Abstract

Introduction: There has been a notable worldwide rise in the percentage of women delivering via cesarean section. Although cesarean section is generally considered safe, there is a possibility of significant health risks and even mortality associated with it. The aim of this study was to collect pertinent data on the perspectives of healthcare providers, particularly obstetricians, who are involved in the field of labor and delivery in Greece, regarding the choice of Trial Of Labor After Cesarean (TOLAC). Material and Methods: This was a cross-sectional study, conducted at the Third Department of Obstetrics and Gynecology, School of Medicine, Faculty of Health Sciences, Aristotle University of Thessaloniki, Greece; obstetricians were interviewed via certain questionnaires. Detailed analysis of the different characteristics regarding obstetricians’ background, workplace, preferences, willingness to take risks and safety concerns was conducted. These variables were compared and correlation between them was thoroughly investigated. Results: In total, 333 responses to the questionnaire were collected through Google online forms. Few obstetricians seem to enjoy taking risks, while most of them are neutral and willing to perform a planned TOLAC. It seems that as the experience of obstetricians increases, their tendency to recommend TOLAC on their own does not increase.
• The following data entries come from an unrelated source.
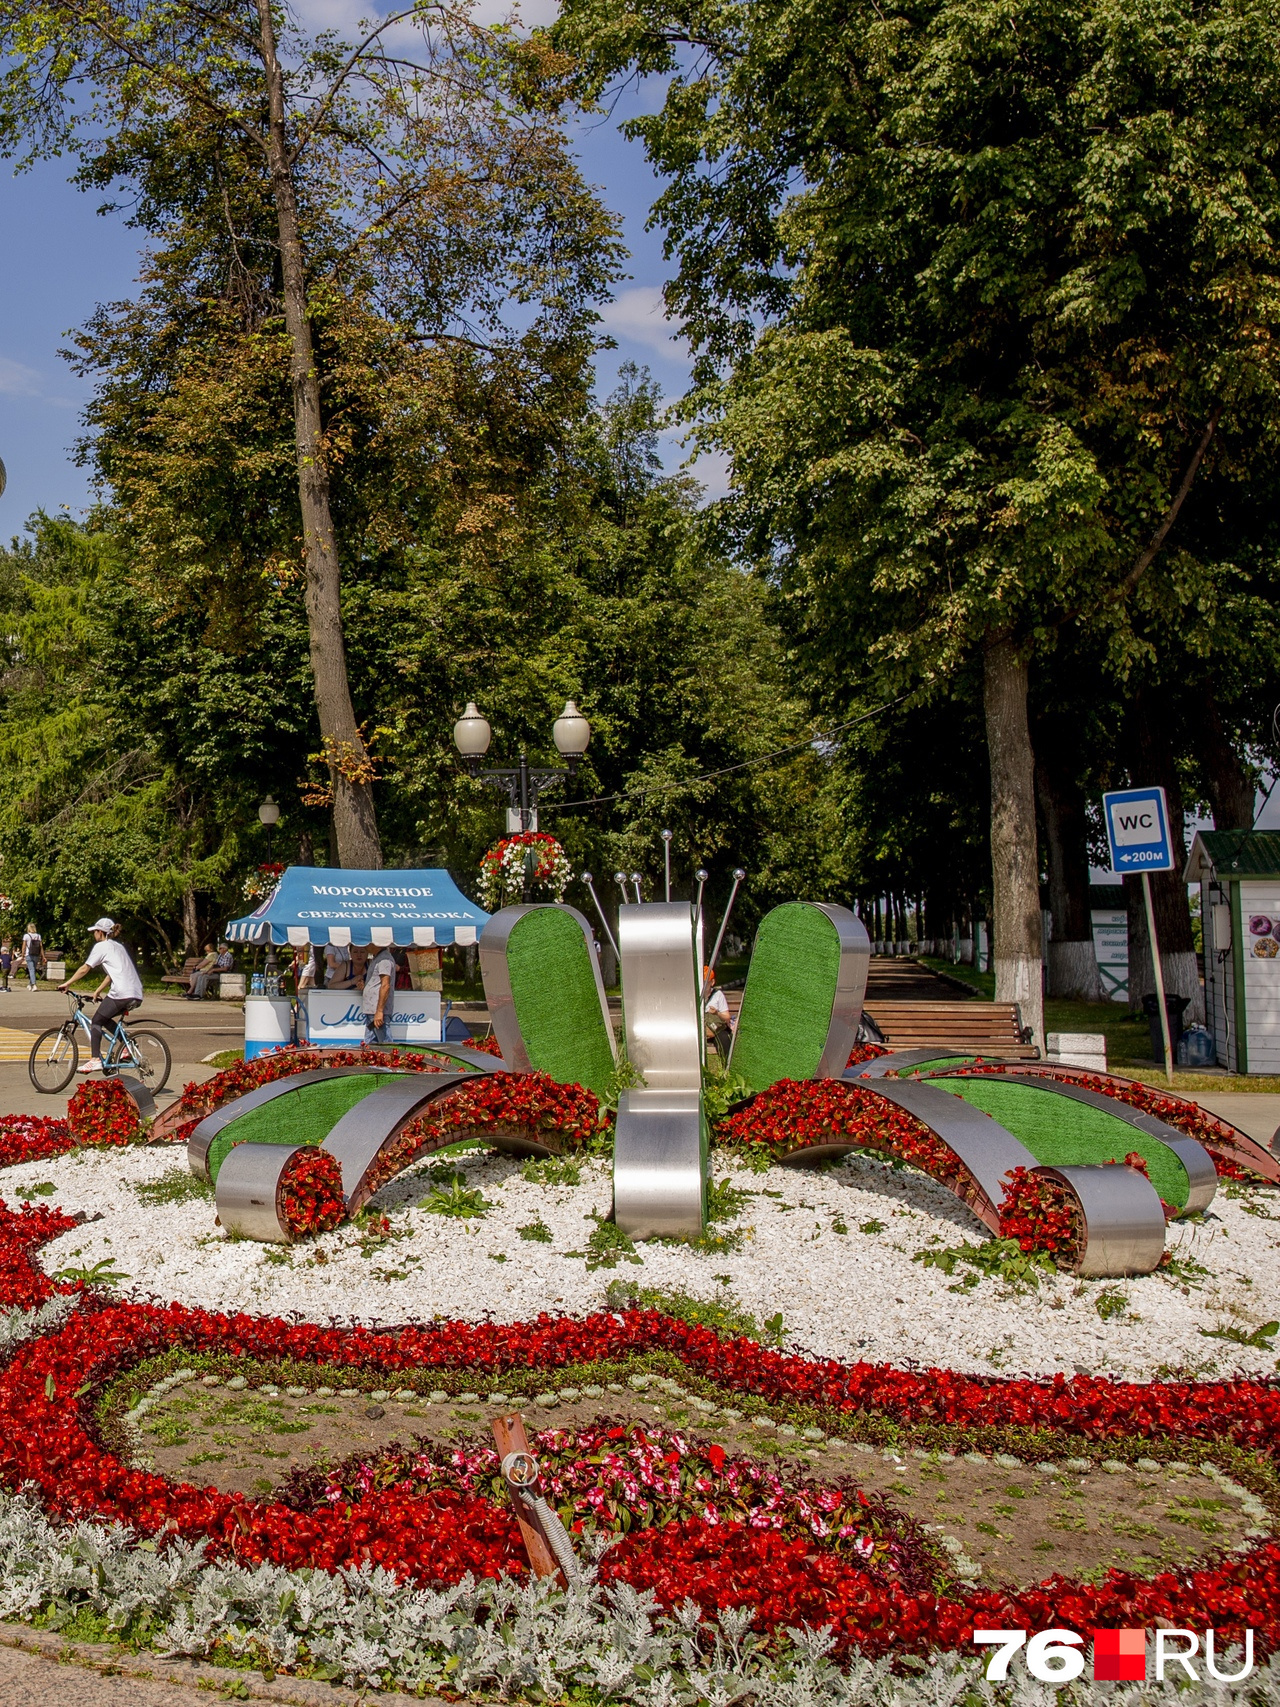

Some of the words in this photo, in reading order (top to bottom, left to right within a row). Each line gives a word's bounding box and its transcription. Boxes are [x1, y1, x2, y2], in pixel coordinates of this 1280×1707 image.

[1118, 813, 1153, 831] WC
[311, 885, 434, 897] МОРОЖЕНОЕ
[297, 911, 385, 919] СВЕЖЕГО
[391, 911, 476, 919] МОЛОКА
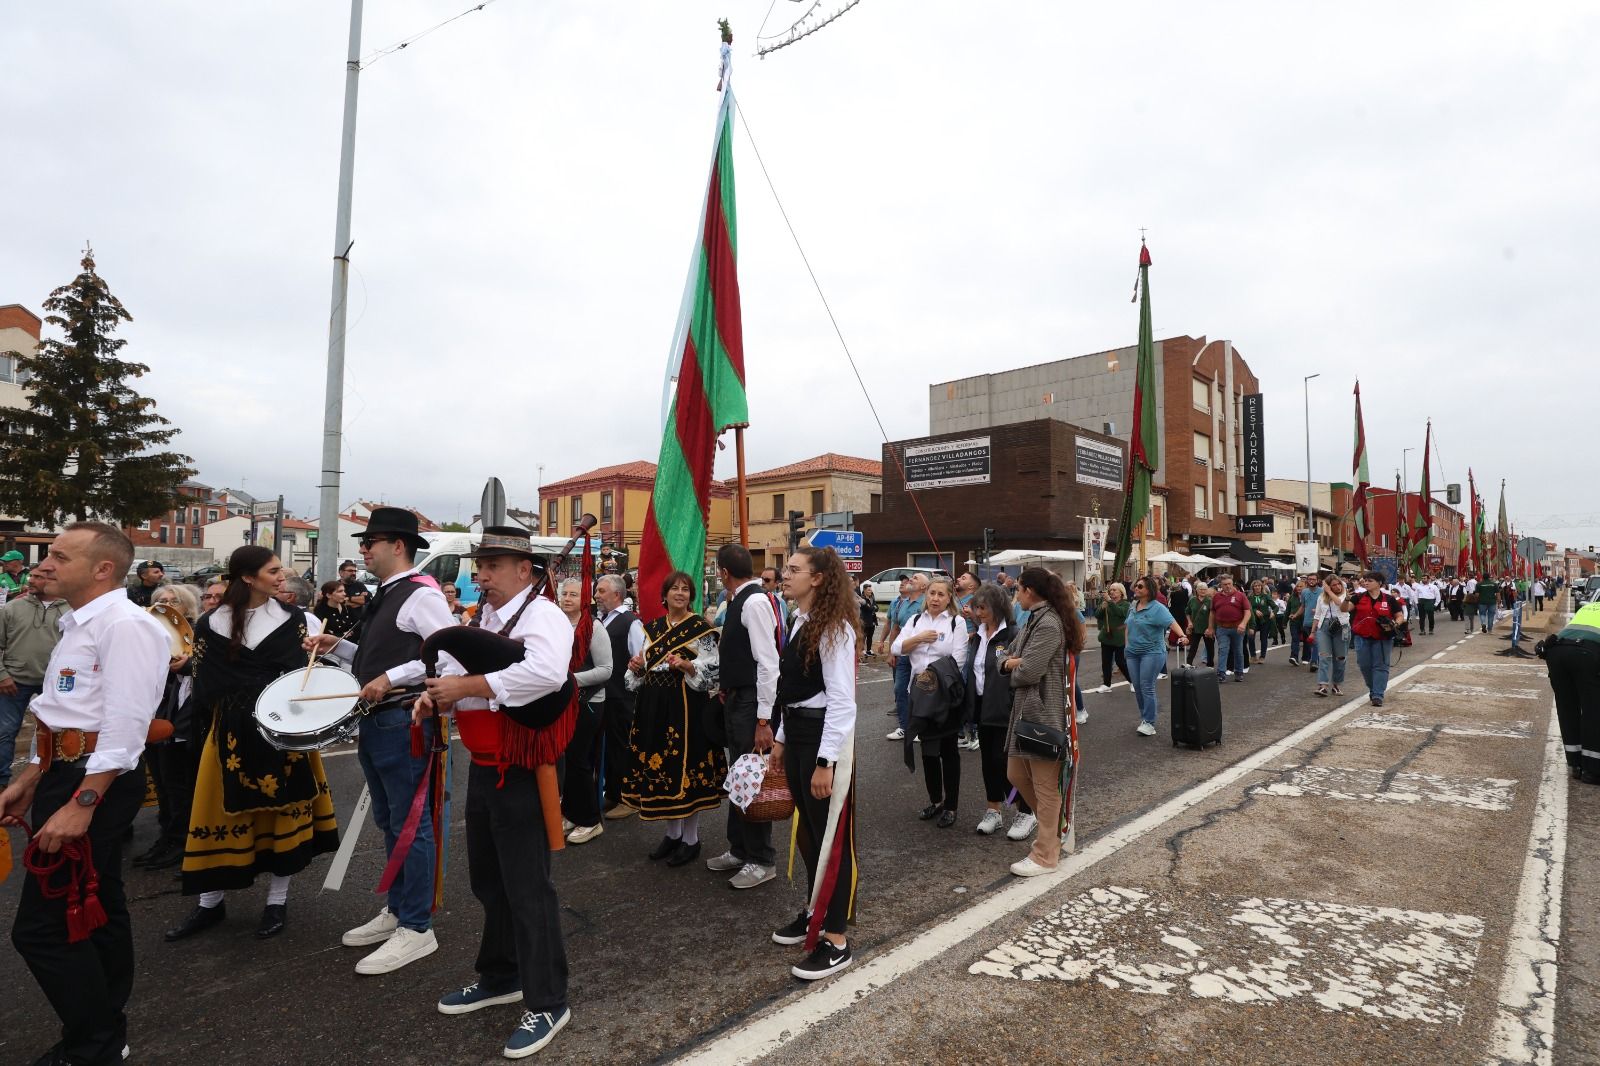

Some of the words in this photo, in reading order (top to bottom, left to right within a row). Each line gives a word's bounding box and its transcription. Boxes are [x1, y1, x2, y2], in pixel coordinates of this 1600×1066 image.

[1249, 397, 1258, 490] RESTAURANTE
[942, 450, 986, 460] VILLADANGOS
[834, 546, 853, 554] viedo
[845, 562, 861, 570] N-120
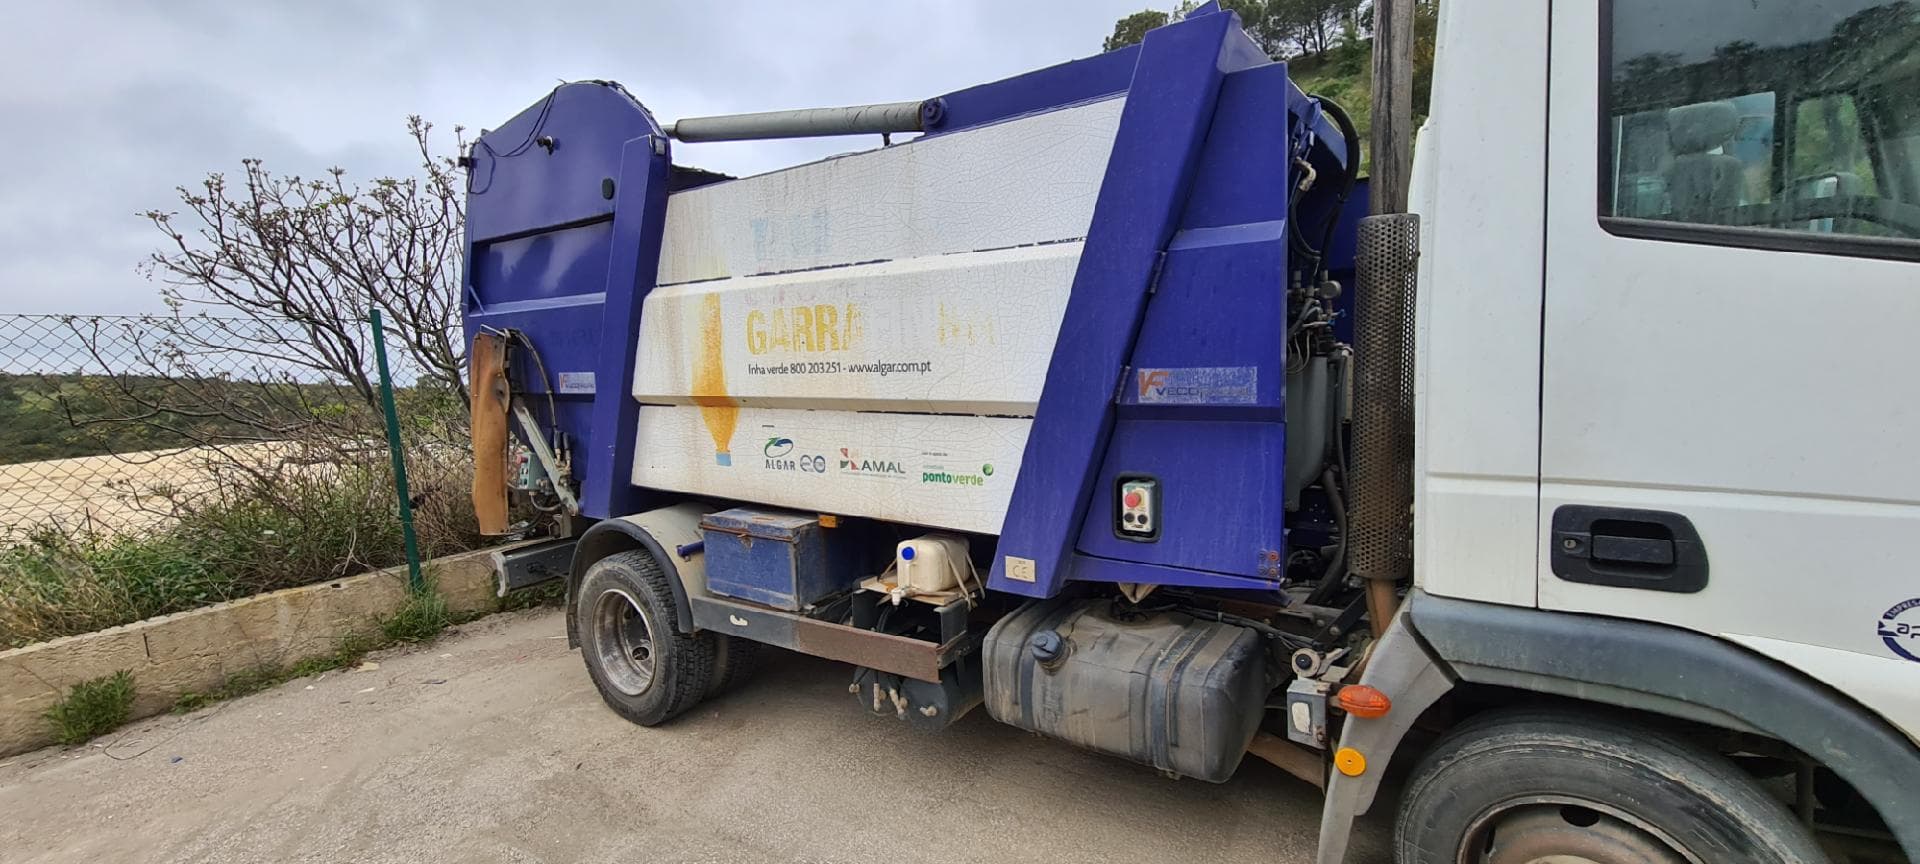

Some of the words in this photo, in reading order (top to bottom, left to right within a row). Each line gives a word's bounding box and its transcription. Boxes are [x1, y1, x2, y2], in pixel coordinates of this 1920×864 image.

The majority of obstetricians who had a failed TOLAC were more negative than those who had not had a failed attempt; whereas, they were willing to undertake TOLAC when the time required to transfer the women from the labor ward to the operating table was the minimum possible. Concerning the security as an important element in every aspect of obstetricians’ lives, the majority of them responded neutrally or positively. Following gender analysis, results showed that both male and female obstetricians were neutral or would avoid situations that have an uncertain outcome. Conclusion: Obstetricians and healthcare providers are willing to offer TOLAC as an option, provided that certain criteria are met and safety considerations are addressed. Finally, the acceptance and practice of TOLAC may vary between different regions, hospitals and individual healthcare providers.